The Pirates, 15th in the NL in home attendance, drew the largest crowd in 11-year-old PNC Park's history, 39,441, helped by plenty of Philly fans.
"That was the most energized crowd that I think I've ever pitched in front of," Morton said. "There was a lot of hostility toward us from a lot of Philly fans, and a ton of supportive fans. It was just an unbelievable atmosphere. It was just pretty awesome."
Rollins fouled a ball off his right knee during the game's first at bat and was taken out of the game by the bottom of the third with a bruised right knee.
After the game, he was walking with a pronounced limp but did not seem overly concerned the injury was serious. No x-rays were taken, and Phillies manager Manuel said Rollins is day-to-day, though he is not expected to be in the lineup Sunday.
He was charged with four runs on eight hits with no walks or strikeouts in five innings.
"For making a spot start, he was all right," Manuel said. "A lot of times, you give up four runs, you give us a chance to win the game. Nowadays, though, it's not good enough."
After the game, the Phillies optioned LHP Mike Zagurski to Triple-A Lehigh Valley and recalled RHP David Herndon.
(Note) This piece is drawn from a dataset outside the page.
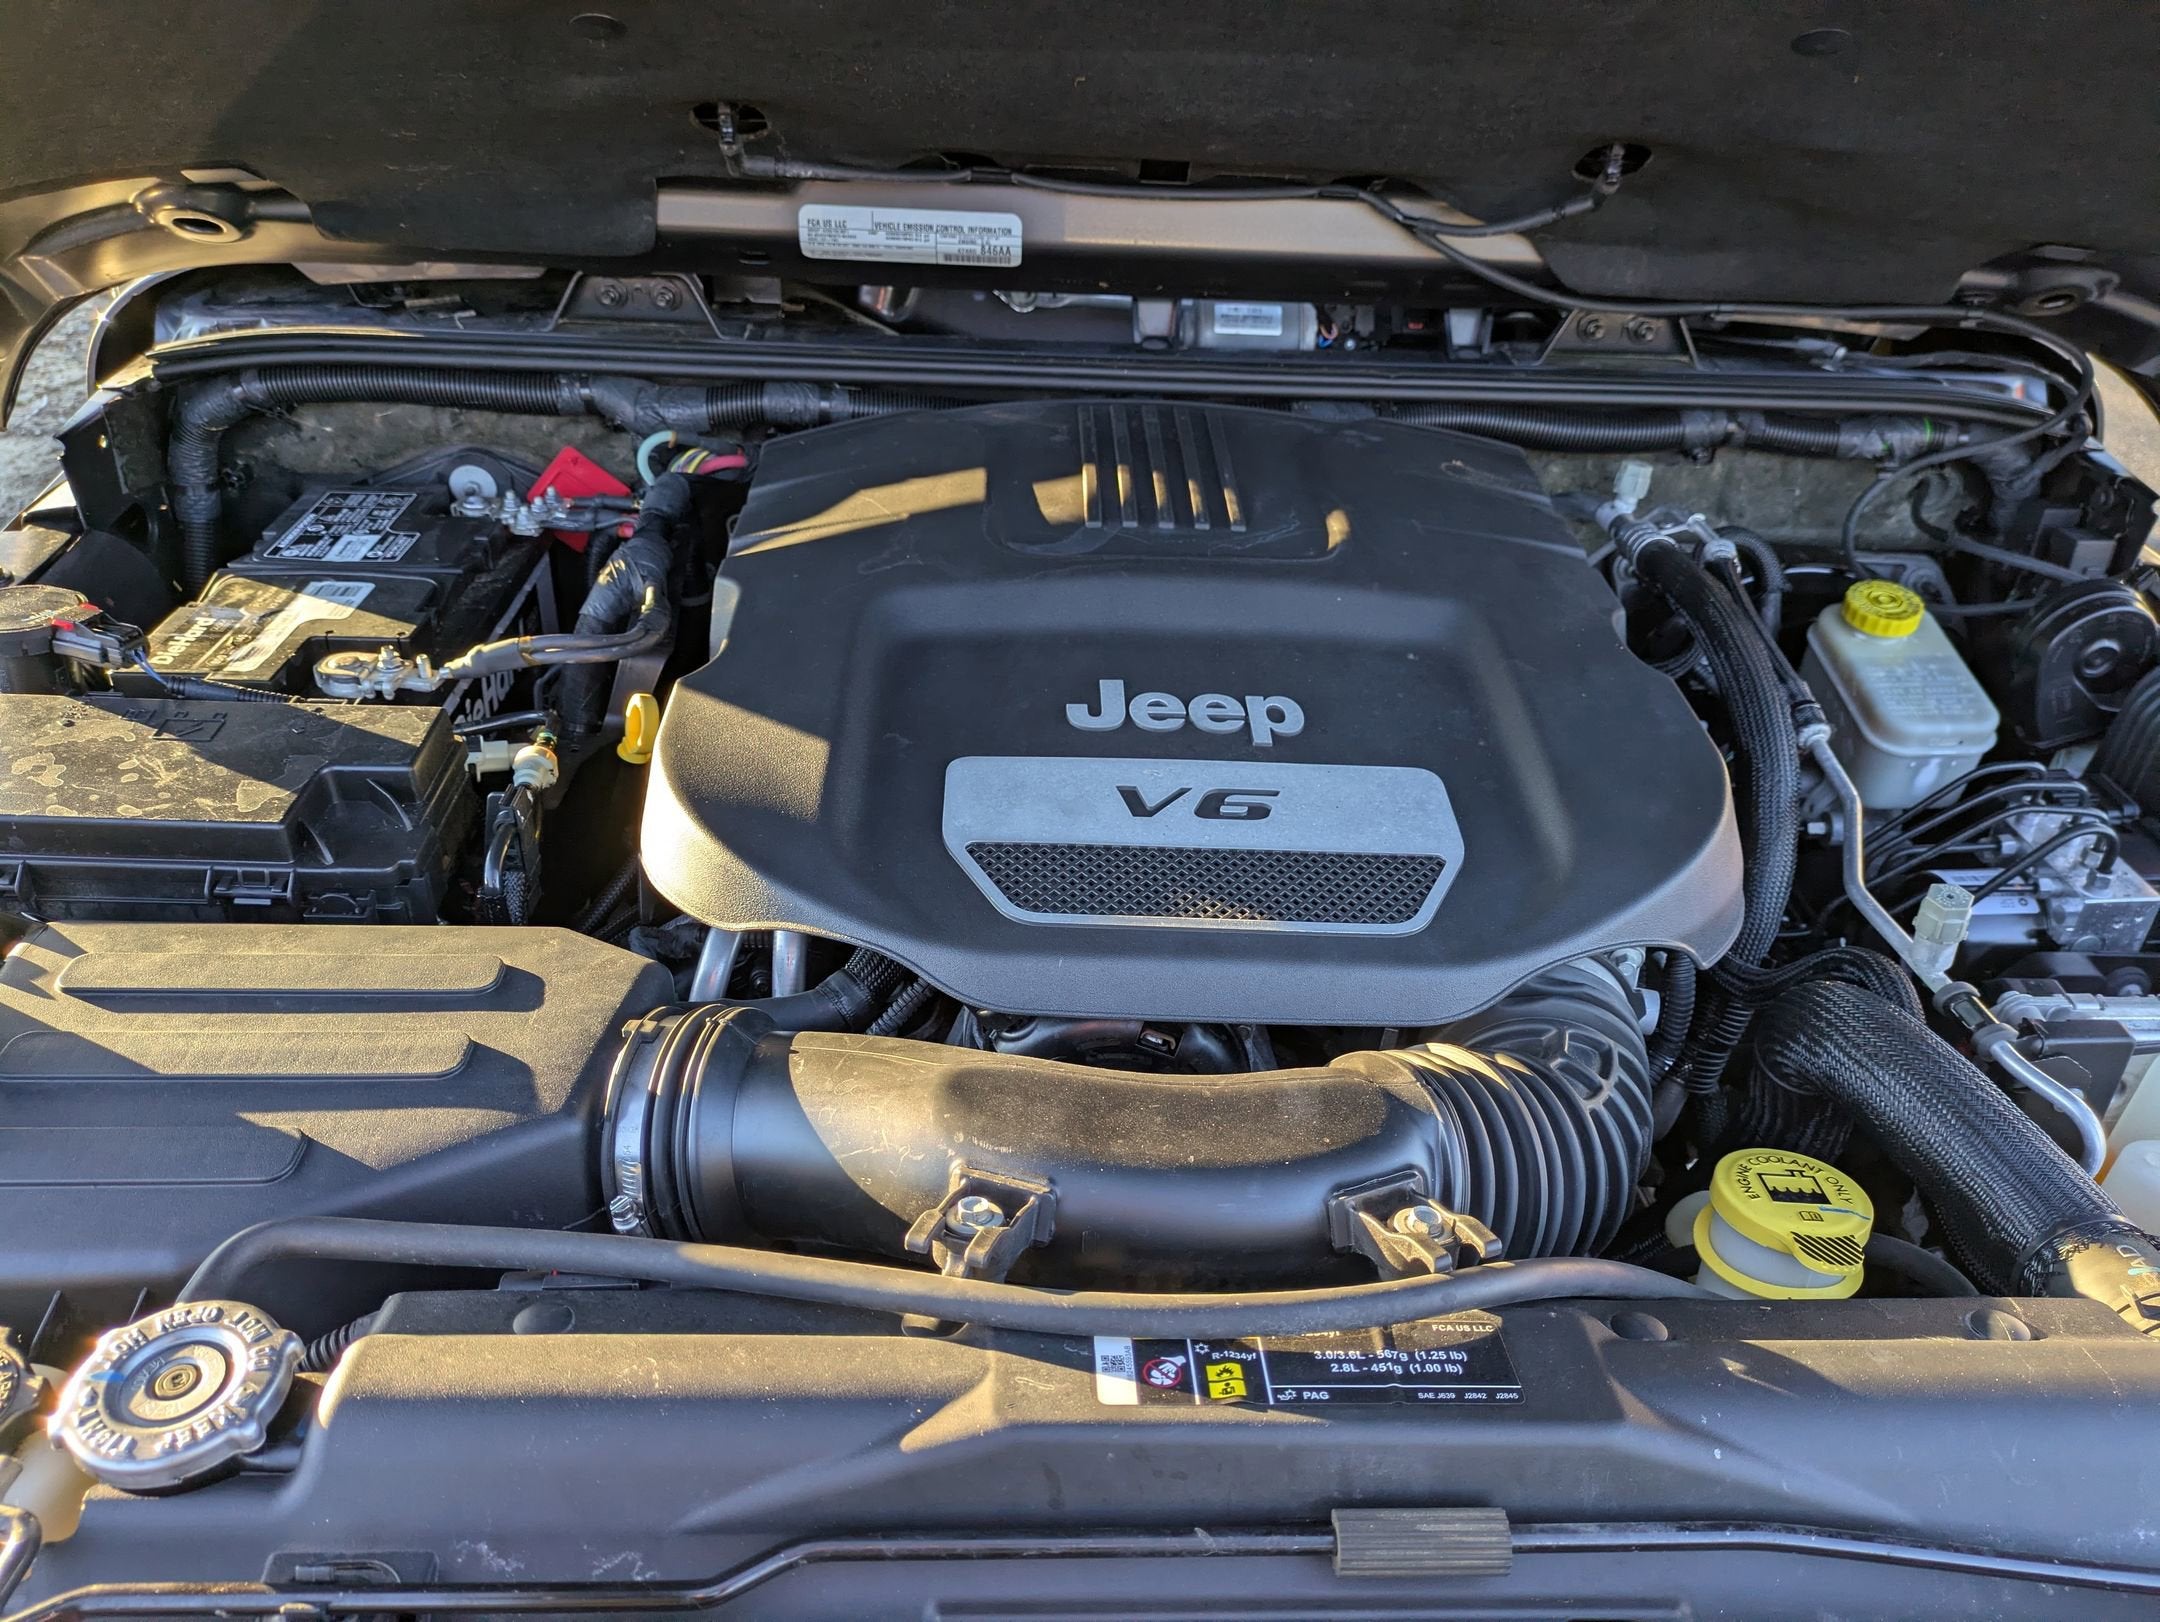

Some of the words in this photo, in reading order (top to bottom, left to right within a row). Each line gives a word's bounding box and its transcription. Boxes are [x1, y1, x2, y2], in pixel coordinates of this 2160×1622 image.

Zagurski was had a 5.40 ERA in four appearances, and Herndon had a 2.45 for Lehigh Valley after having a 6.32 ERA in 14 relief appearances with Phillies earlier this season. ... Morton came into the game leading the majors with a 1.91 groundball-to-flyball out ratio. ... Philadelphia has scored seven runs during its four-game losing streak. ... The Pirates have won six of seven at home against the Phillies and are 22-12 against them at PNC Park.